-- Haven't got much writing done. Haven't been in the mood for it
-- yesterday's was just half-finished, but I decided to publish it
anyway (for half-credit, of course). Anyhow, here's some stuff I
typed up but haven't been in the mood to organize it, either -- must be
all the holiday cheer.
Since I don't have a computer of my own in LA, and I don't have the tools or time necessary at work to make my web site as graphically dope as possible, I'll just end up leaving it here on tripod, annoying pop-up windows and all, unless I can snag free space somewhere else, ad-free. I would love to have my own domain for myself -- www.motherfucker.com has not been bought yet.
From Gabrielle L. Gabrielle of GabGabCamCam:
I've never heard of the Statue of Liberty described as virginal. I mean, she doesn't seem that virginal to me. In fact, compared to other countries, she's pretty easy; she lets anyone in.

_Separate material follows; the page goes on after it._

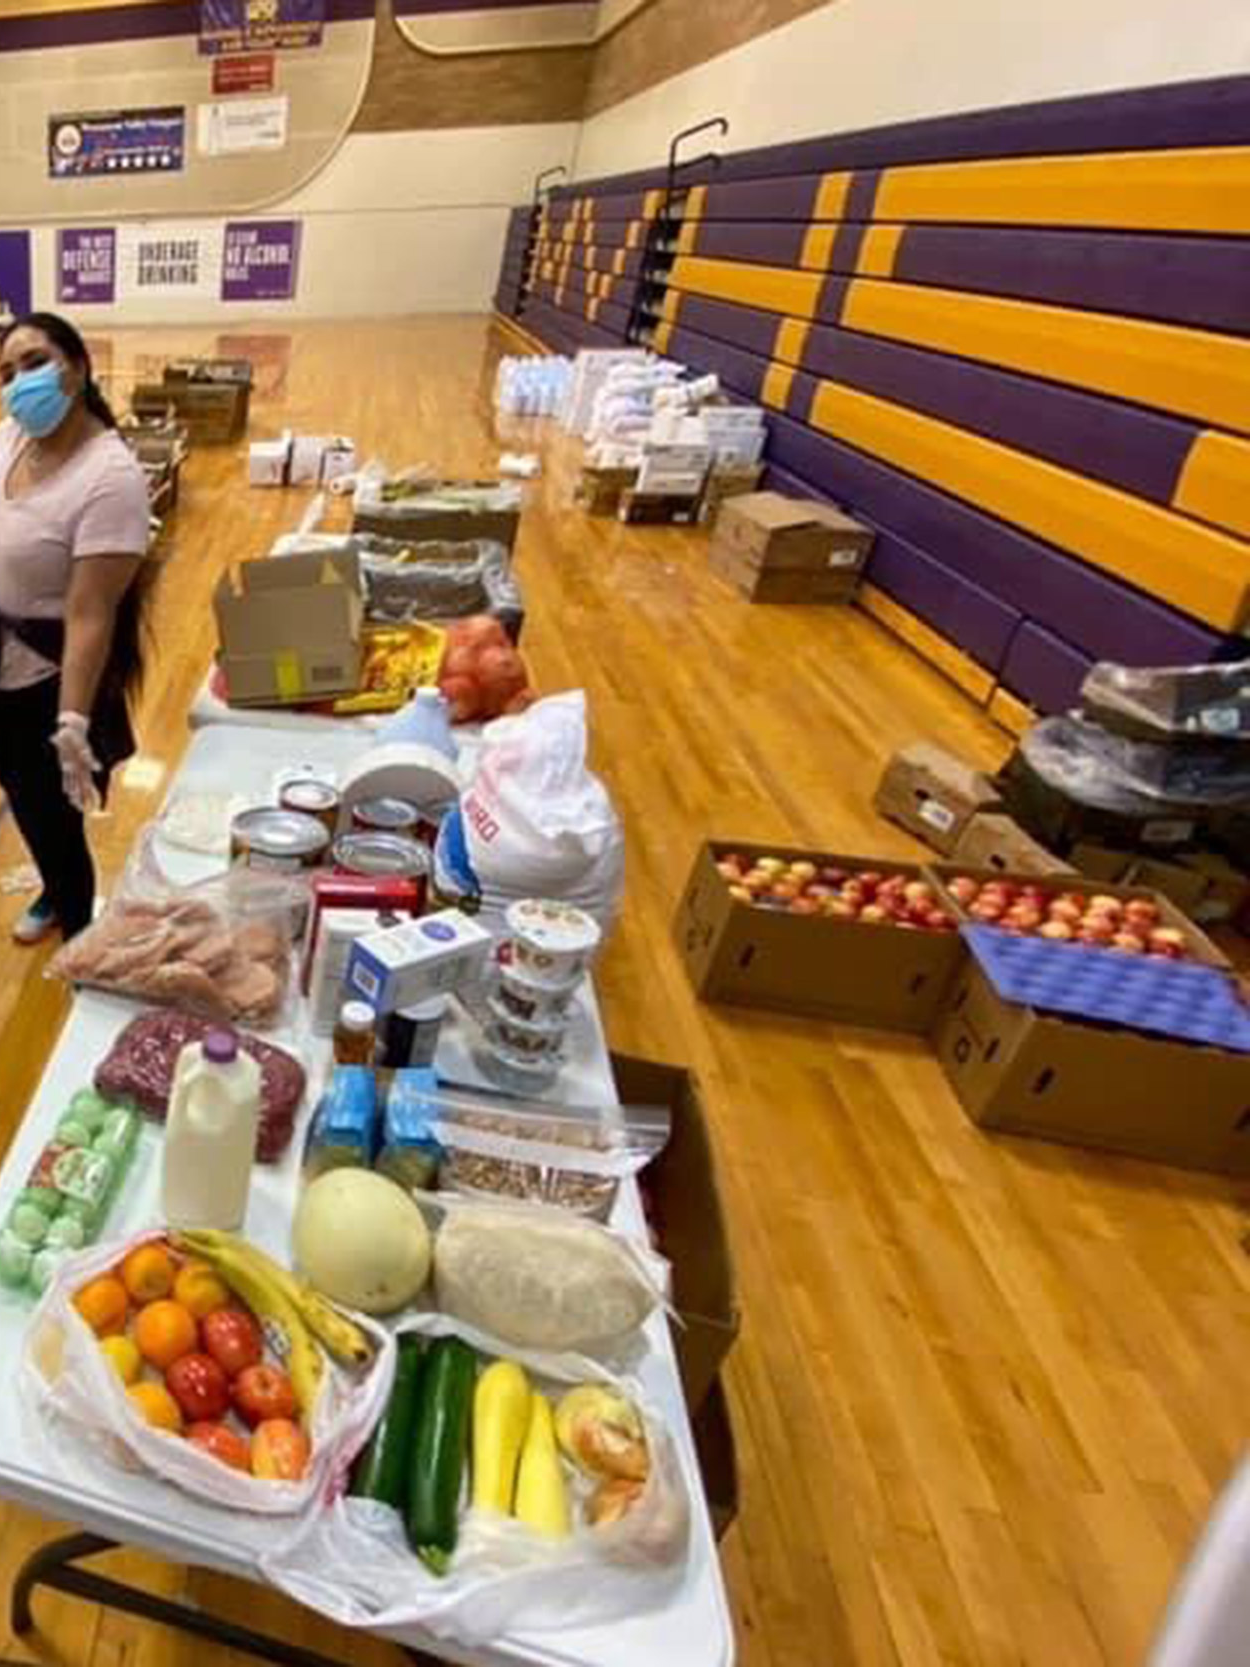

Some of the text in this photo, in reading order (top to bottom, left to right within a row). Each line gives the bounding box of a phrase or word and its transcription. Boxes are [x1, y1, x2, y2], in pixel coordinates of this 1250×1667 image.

[63, 250, 112, 270] DEFENSE
[138, 241, 198, 261] UNDERAGE
[137, 264, 197, 286] DRINKING
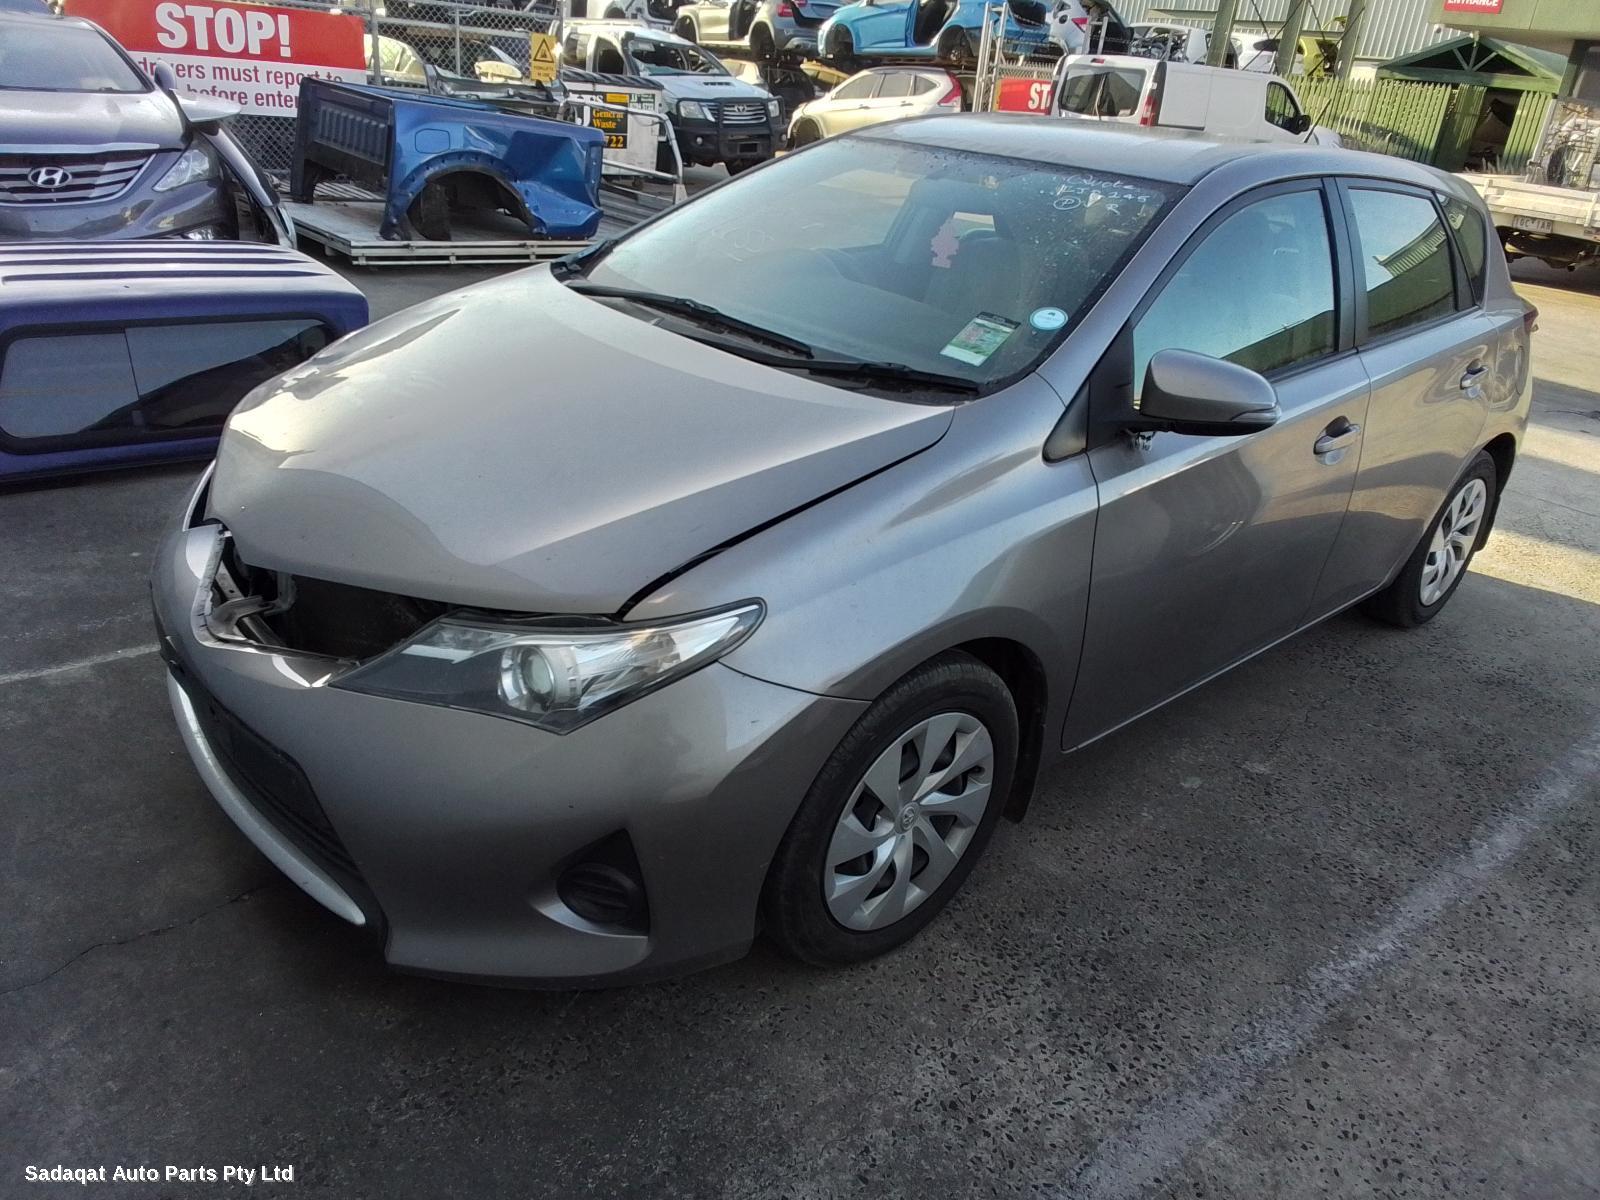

Took my mom to dinner at the Mikado, which is a steakhouse/sushi bar around here. The parents of Sharon's ex-boyfriend from Hong Kong own the place, so I wanted to try it out. Wuz cool -- got stuffed on sushi and paid the bill, which my mom never normally lets me do. Luckily, after a few glasses of wine, it was easy to distract her long enough for me to drop my BA card on the check. Damn, I'm smooth.
While having dinner, she confessed to me that she now realizes that Short Bus is seriously screwed up. For example, she acknowledged that he has ADD (Attention Defici....hey doggie! Nice doggie!) and that she had hoped it would have gone away by now. My mom the R.N. for you.
I also now miss LA radio. One of the only two stations out here that I bother listening to mixes in some incredibly lame tracks -- dogs and cats singing, or rather barking and meowing, Christmas carols are of the too-frequently played (and requested horrors) that I've been subjected to. The other is bizarre. In a town obsessed with football and nothing else, I suppose it shouldn't be earth-shattering to find out they have a laughably bad "Jaguar" mix. It blends in older hip-hop like "Brass Monkey", "The Roof is on Fire", and "Ice Ice Baby" with dance tracks and "Sweet Home Alabama," on top of Jaguar highlights, John Facenda (the voice of NFL films), and a 4-year old desperately calling out, "Go Jag-wars!"
Last nite, the other station, a classic rock station, played back-to-back Whitesnake.
This is the hell that is my life.
I hate going to the mall and seeing people with their normal-looking lives, and then there's me all alone. I hate that as much as anything. OK, I hate enemas more, or having someone walk in when I'm in the midst of, uh, "autoeroticism" (not that either of these two have ever happened, but they just seem like particularly dreadful occurrences). Actually, my dog walked in one me once. But, uh, nevermind.
Today I went to Jacksonhell's Ambercrombie + Fitch store -- I love Ambercrombie, and it's the one place in town when I can check out cute Filipina honeys, b/c they work there and shop there. I saw one today and I thought, "Damn, if she was in the Valley, she'd be picking up paychecks from Ron Jeremy." And then I saw her friend. Two words -- Oh Damn. But they out of my league (everyone's out of my league. At least I got Mr. Hand for batting practice).
Anyhow, I'm buying a pair of pants, b/c I realized I don't have a pair of baggy olive green carpenter jeans and I needed to have one, and I was hoping that some cutie would help me at the register. I went up to the counter. There was one pretty fair looking Asian chick working there. She had glasses and big heels on, kind of a an immixture of the intellectual and the saucy look, both of which I like, and both of which are hard to come by in one woman, although not in articles in Penthouse Forum. ("Julia worked at the library. She always seemed so quiet and hard-working, but one day in the stacks...")
Anyhow, so I'm next in line, and just as homegirl is finishing up with one customer (she's the only register open), some stupid white girl (SWG) comes and opens up another register. SWG calls "Next" and looks at me, so I trudge up, keeping my eyes on the Asian chick (she looked Taiwanese, so I'll go with that). While SWG is ringing up my jeans, I'm keep my eyes on the Taiwanese chick. She notices me, and glances back a few times, and I think "right on." I sign the card receipt, and then SWG says, "Did I put the receipt in the bag?" I reply, "Uh, I dunno." So SWG starts digging through the bag. When she began looking for it, I realized the Taiwanese chick had said some humorous comment to me, cuz I heard her voice and when I look back at her she's looking right at me with an expectant smile on her face. But b/c I was listening to SWG and worried about the fate of my receipt, I didn't hear her. So instead of saying, "Excuse me," or "What?" or something else equally crafty to try and elicit a conversation, I just smiled back, hoping to hell she would say something else. Instead she shrugged and went back to helping the next customer in line. SWG then found the receipt BEHIND the register, put it in the bag and wished me a Merry Christmas.
I wished SWG to be infested with a a particularly vicious strain of crabs.